In the last 60 years Nepal has made tremendous leaps forward; literacy rates have tripled and levels of poverty have reduced by half. But this has not come easily, and long-term political instability remains a way of life in Nepal. To understand the risks posed to Nepal by hazards such as earthquakes, we cannot ignore this reality; instead it must be accounted for and integrated into the planning and understanding of hazard and risk in Nepal and in other countries with similar profiles. Slow and steady progress has been the hallmark of Nepal’s development over the last decades, and this remains the only logical step forward from the Gorkha earthquake; rapid, paradigm-shifting changes are simply not feasible or appropriate.

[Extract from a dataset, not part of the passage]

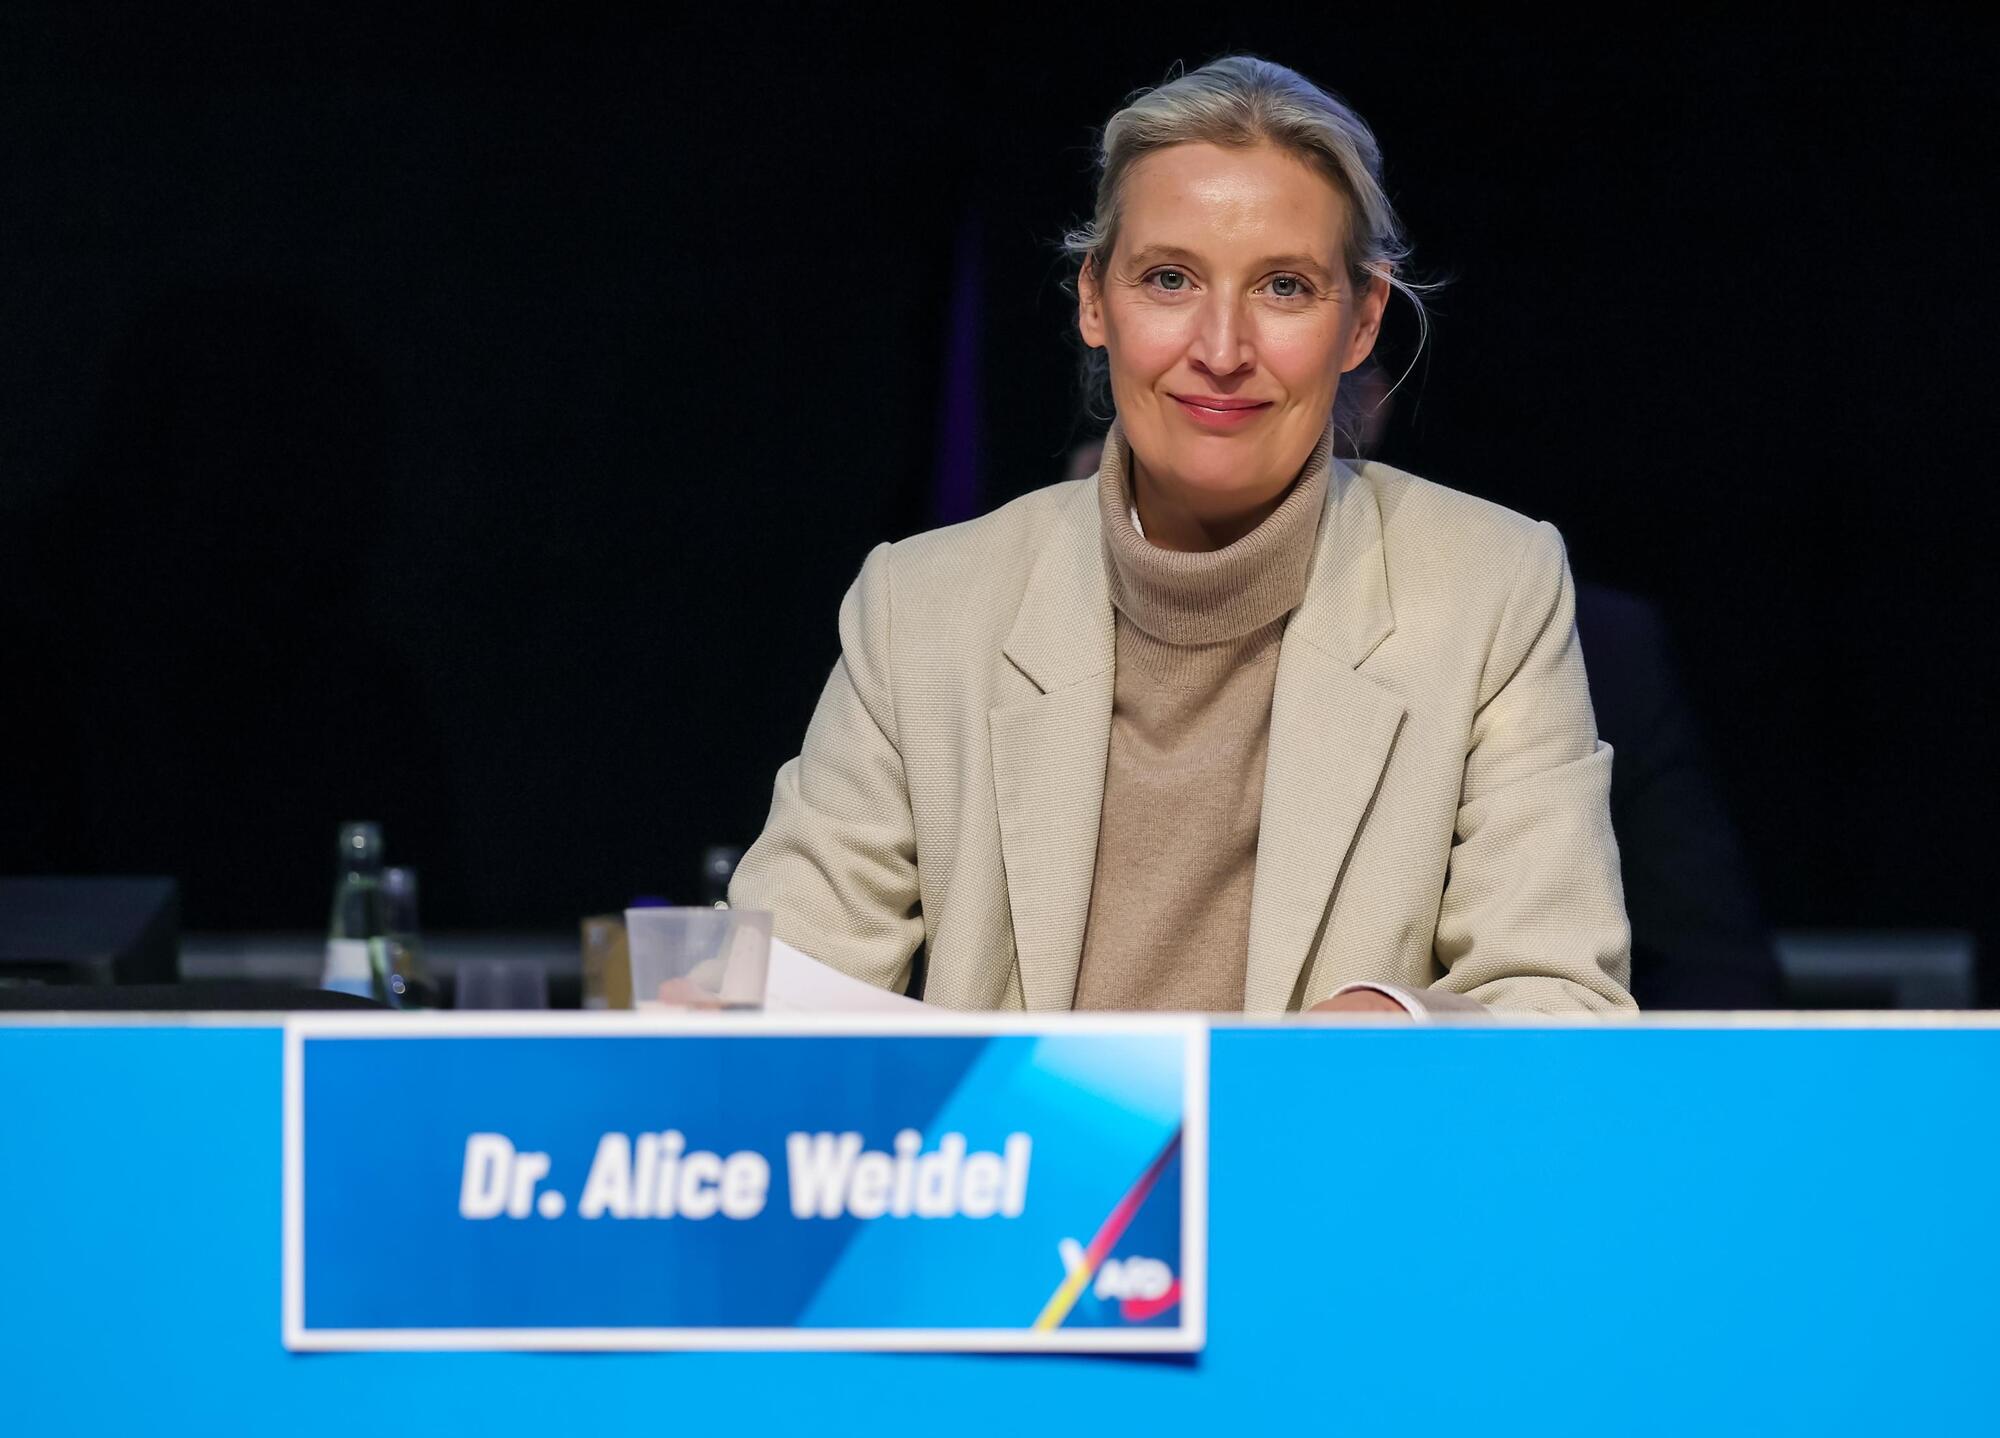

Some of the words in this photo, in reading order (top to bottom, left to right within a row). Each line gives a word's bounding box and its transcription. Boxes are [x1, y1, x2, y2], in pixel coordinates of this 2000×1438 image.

This book highlights what can be gained from a more holistic, multidisciplinary perspective on the impacts of an earthquake disaster. Viewing the event disparately from the viewpoints of single disciplines masks the ability to notice intricacies of the event, and some aspects are missed or, worse, ignored. Instead, a consideration of multiple perspectives, each informing the other, helps develop new ways of thinking, and new ways of engaging and working in practice is the way forward. It is important to work with and empower local communities by providing them with the resources to use the knowledge they already have. Local knowledge is essential in planning for future earthquake disasters and is evident in communities throughout Nepal; however, the resources to put that knowledge to use is lacking.

It is essential that international researchers and practitioners support and continue this empowerment by engaging with national and local stakeholders. Through their collaboration with various international institutions, stakeholders such as NSET (Chaps. 2 and 3) have helped the government of Nepal build greater capacity in the government; update building codes; and train local people in awareness, preparedness and emergency response activities. All of this has proved essential in minimising the impacts felt by the Gorkha earthquake.

Preparing for a future earthquake in Nepal cannot occur independently of or at the expense of the country’s continuing development. On the contrary, it must be fully integrated into development, making earthquake planning and preparedness (Chaps. 2, 3, 5, 6 and 8) commonplace among all levels of society and government. Everyday issues such as food security, water and energy (Chap. 7) as well as economic security remain challenging and, understandably, often take precedence over considerations for hazard events that may occur many decades in the future. There is a need to consider the ongoing spectrum of hazards and risks and how they are interrelated. People care about livelihood, health (Chap. 4) and education for their children. If more consideration is given to everyday concerns and ways to address them, a space is also opened up for preparing for the future, including considering earthquake risk reduction and building earthquake-resistant structures. Empowering people, communities and local authorities (Chap. 8) and supporting the central government will not only increase resilience but also the well-being for all of Nepal.

Moving forward it is essential that we do not rest on our laurels but instead maintain momentum to create change and new understanding that can help strengthen earthquake resilience in Nepal and elsewhere. The Gorkha earthquake was a major event with substantial impact; however, far larger earthquake threats remain. It is thus important that experiences and knowledge from the Gorkha earthquake are embedded into future planning to prepare for such potentially devastating earthquakes.